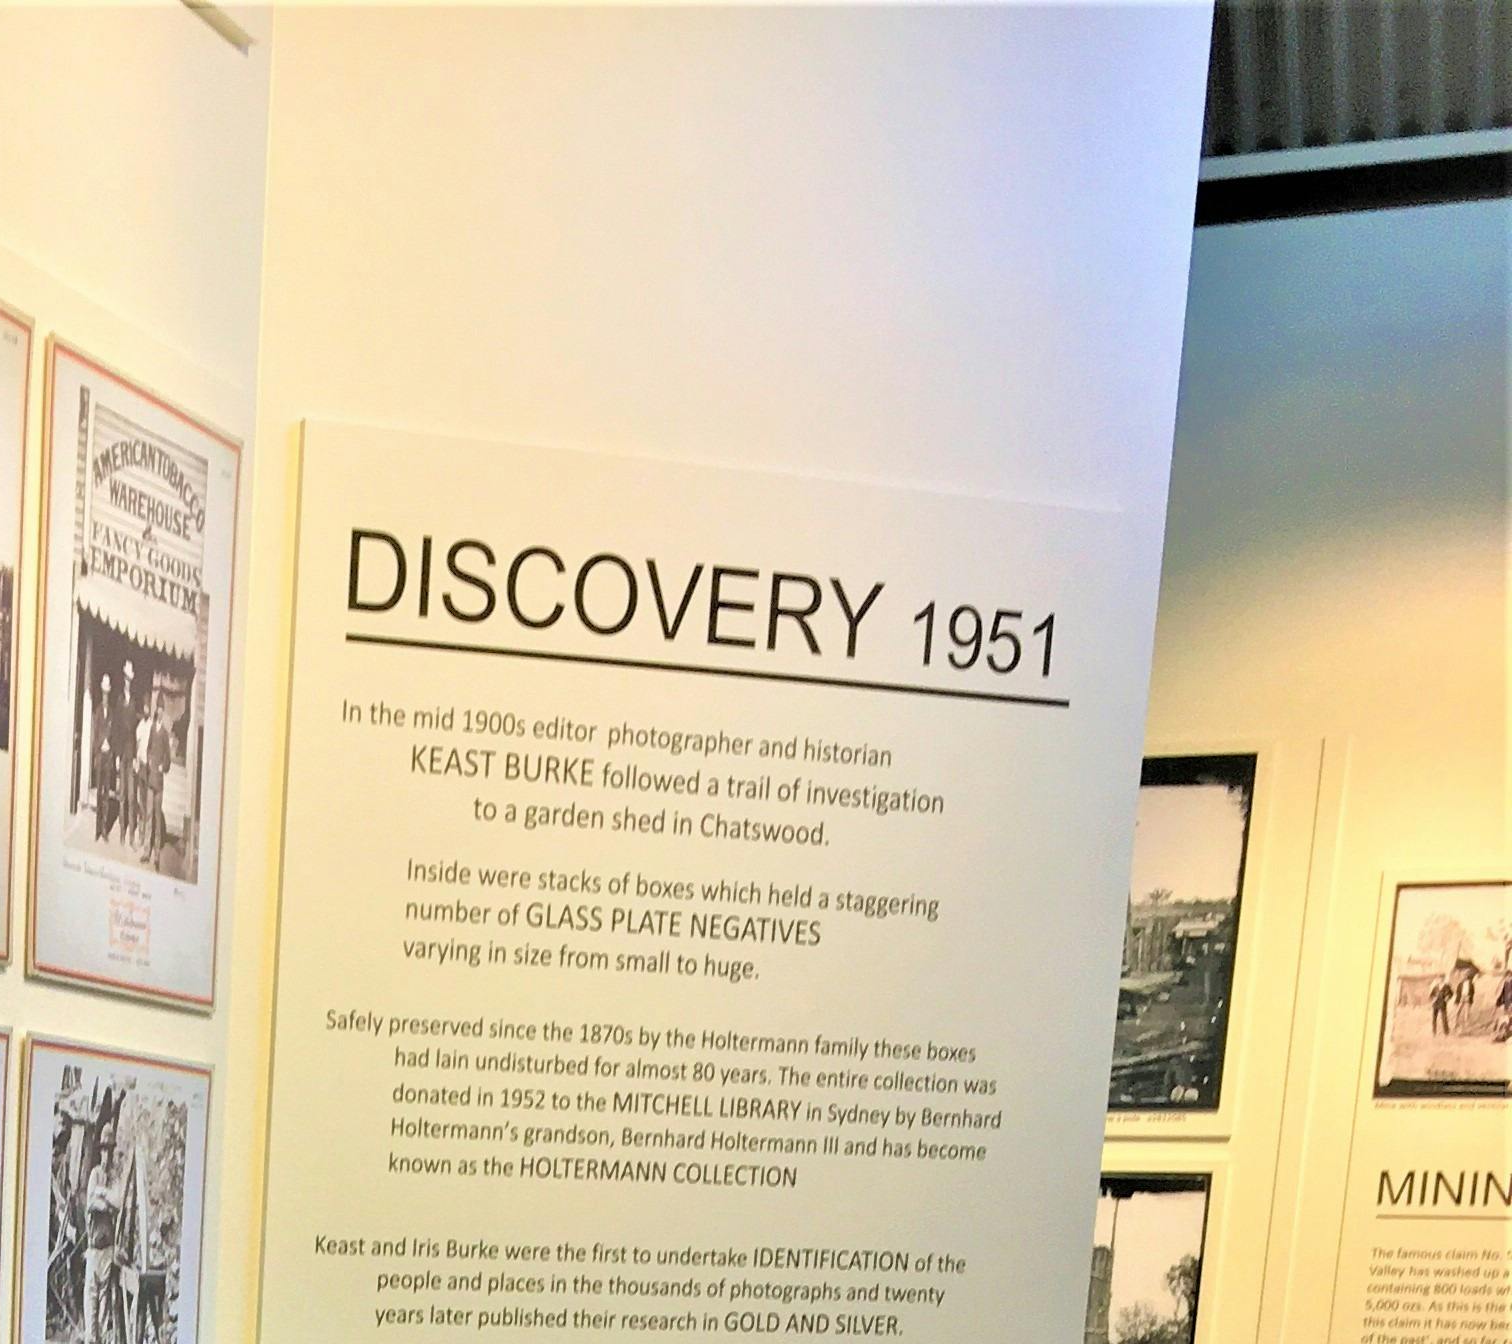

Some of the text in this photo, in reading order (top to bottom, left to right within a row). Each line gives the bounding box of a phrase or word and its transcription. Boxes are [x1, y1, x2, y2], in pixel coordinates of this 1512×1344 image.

[109, 475, 191, 541] WAREHOUSE
[90, 546, 198, 618] EMPORIUM
[92, 520, 201, 588] FANCY GOODS
[348, 528, 1058, 678] DISCOVERY 1951
[343, 700, 891, 766] In the mid 1900s editor photographer and historian
[412, 745, 943, 815] KEAST BURKE followed a trail of investigation
[474, 798, 828, 845] to a garden shed in Chatswood.
[408, 859, 939, 921] Inside were stacks of boxes which held a staggering
[406, 900, 820, 945] number of GLASS PLATE NEGATIVES
[404, 939, 758, 983] varying in size from small to huge.
[393, 1083, 1002, 1129] donated in 1952 to the MITCHELL LIBRARY in Sydney by Bernhard
[1369, 1265, 1405, 1278] Valley
[1409, 1265, 1429, 1277] has
[1433, 1266, 1480, 1278] washed
[1484, 1269, 1499, 1279] up
[1372, 1247, 1393, 1260] The
[1397, 1247, 1441, 1260] famous
[1445, 1248, 1478, 1261] claim
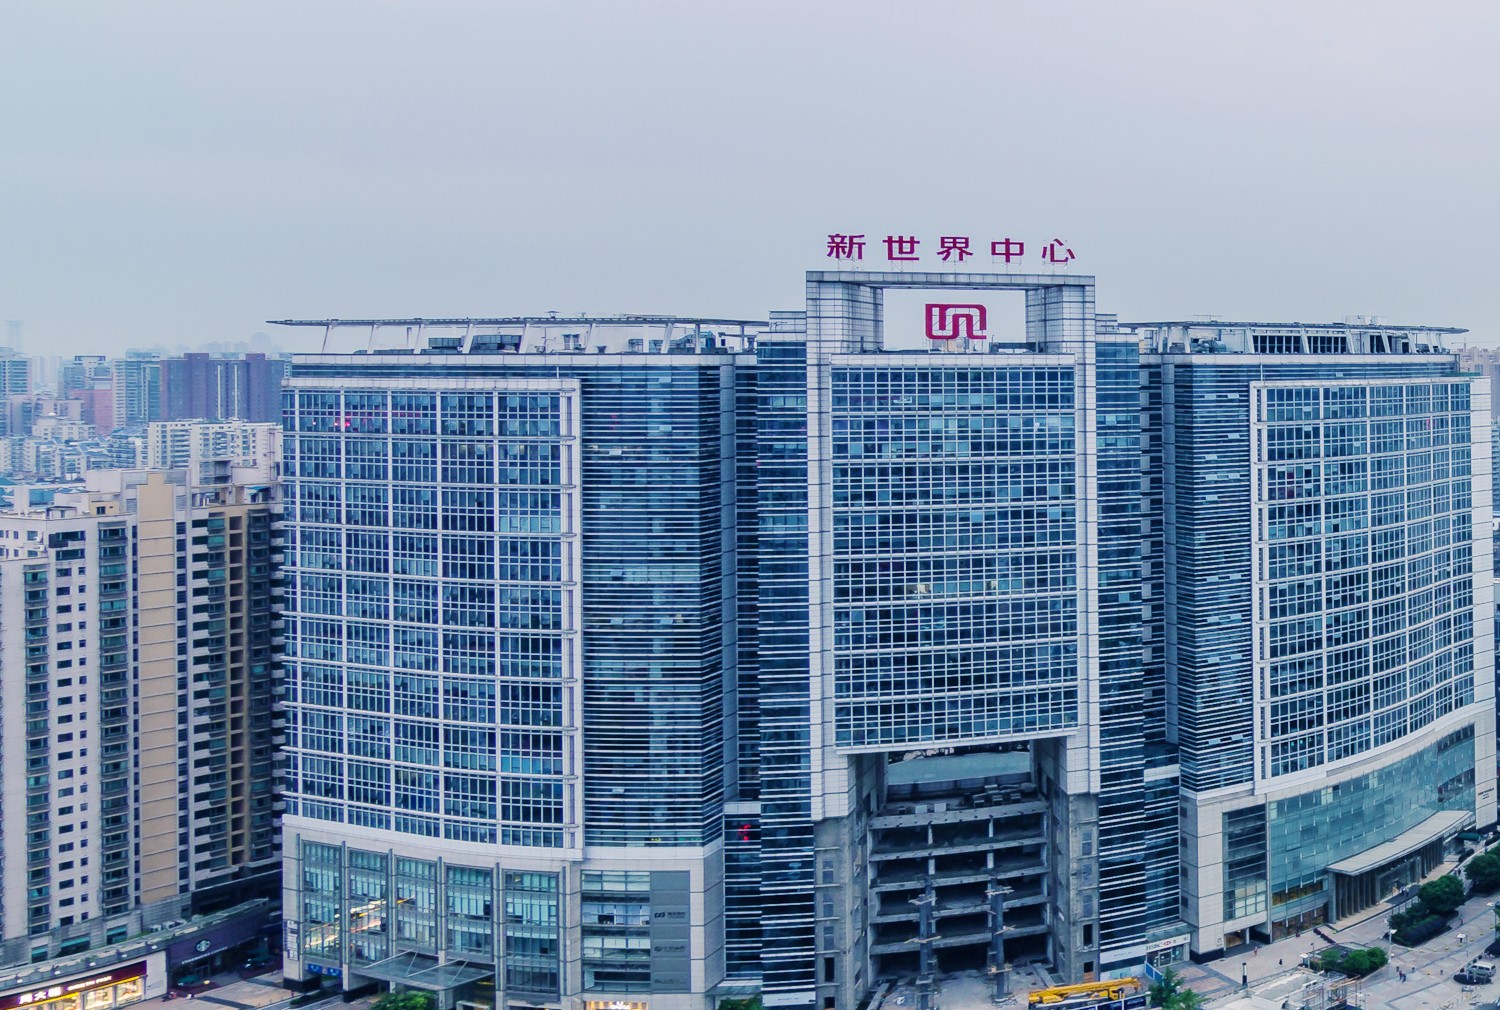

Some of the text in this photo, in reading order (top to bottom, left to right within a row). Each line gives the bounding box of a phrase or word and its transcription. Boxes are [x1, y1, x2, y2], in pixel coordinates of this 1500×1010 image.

[827, 233, 1076, 263] 新世界中心
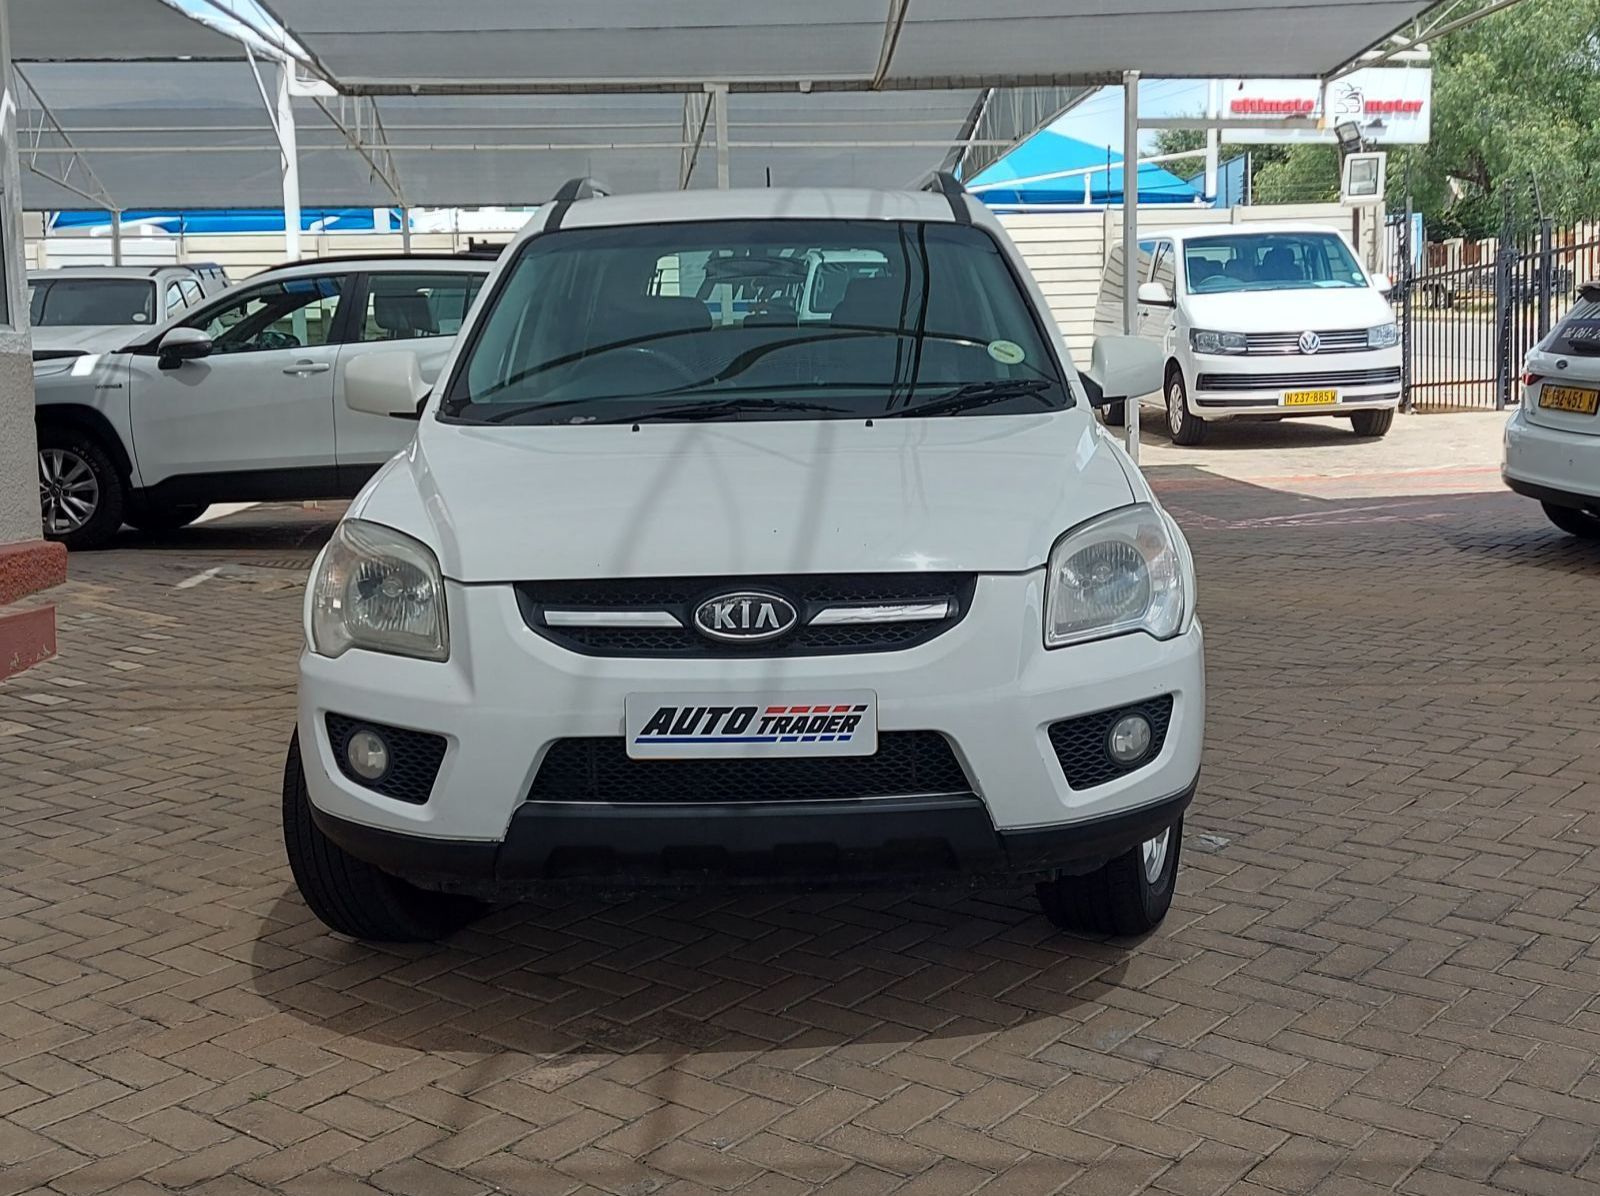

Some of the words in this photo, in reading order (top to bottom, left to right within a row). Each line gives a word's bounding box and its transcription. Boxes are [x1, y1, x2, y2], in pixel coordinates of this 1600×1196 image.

[713, 602, 780, 629] KIA
[641, 706, 758, 735] AUTO
[757, 714, 861, 735] TRADER

************

Action item ::
The whole listing should be reproduced exactly. Images don't go in.

Result for this exercise ::
Some of the text in this photo, in reading order (top to bottom, left to right within a row). Each line gives the bounding box of a phrase or word and its transcription. Boxes are [x1, y1, x2, y2], in pixel coordinates of this 1512×1344 image.

[109, 475, 191, 541] WAREHOUSE
[90, 546, 198, 618] EMPORIUM
[92, 520, 201, 588] FANCY GOODS
[348, 528, 1058, 678] DISCOVERY 1951
[343, 700, 891, 766] In the mid 1900s editor photographer and historian
[412, 745, 943, 815] KEAST BURKE followed a trail of investigation
[474, 798, 828, 845] to a garden shed in Chatswood.
[408, 859, 939, 921] Inside were stacks of boxes which held a staggering
[406, 900, 820, 945] number of GLASS PLATE NEGATIVES
[404, 939, 758, 983] varying in size from small to huge.
[393, 1083, 1002, 1129] donated in 1952 to the MITCHELL LIBRARY in Sydney by Bernhard
[1369, 1265, 1405, 1278] Valley
[1409, 1265, 1429, 1277] has
[1433, 1266, 1480, 1278] washed
[1484, 1269, 1499, 1279] up
[1372, 1247, 1393, 1260] The
[1397, 1247, 1441, 1260] famous
[1445, 1248, 1478, 1261] claim

Some of the text in this photo, in reading order (top to bottom, left to right within a row). Each line gives the bounding box of a phrase or word and its transcription. Boxes are [x1, y1, x2, y2], in pixel coordinates of this 1500×1010 image.

[827, 233, 1076, 263] 新世界中心

Some of the words in this photo, in reading order (top to bottom, left to right within a row). Each line gives a word's bounding box and its transcription. Boxes are [x1, y1, x2, y2], in pixel coordinates of this 1600×1196 image.

[713, 602, 780, 629] KIA
[641, 706, 758, 735] AUTO
[757, 714, 861, 735] TRADER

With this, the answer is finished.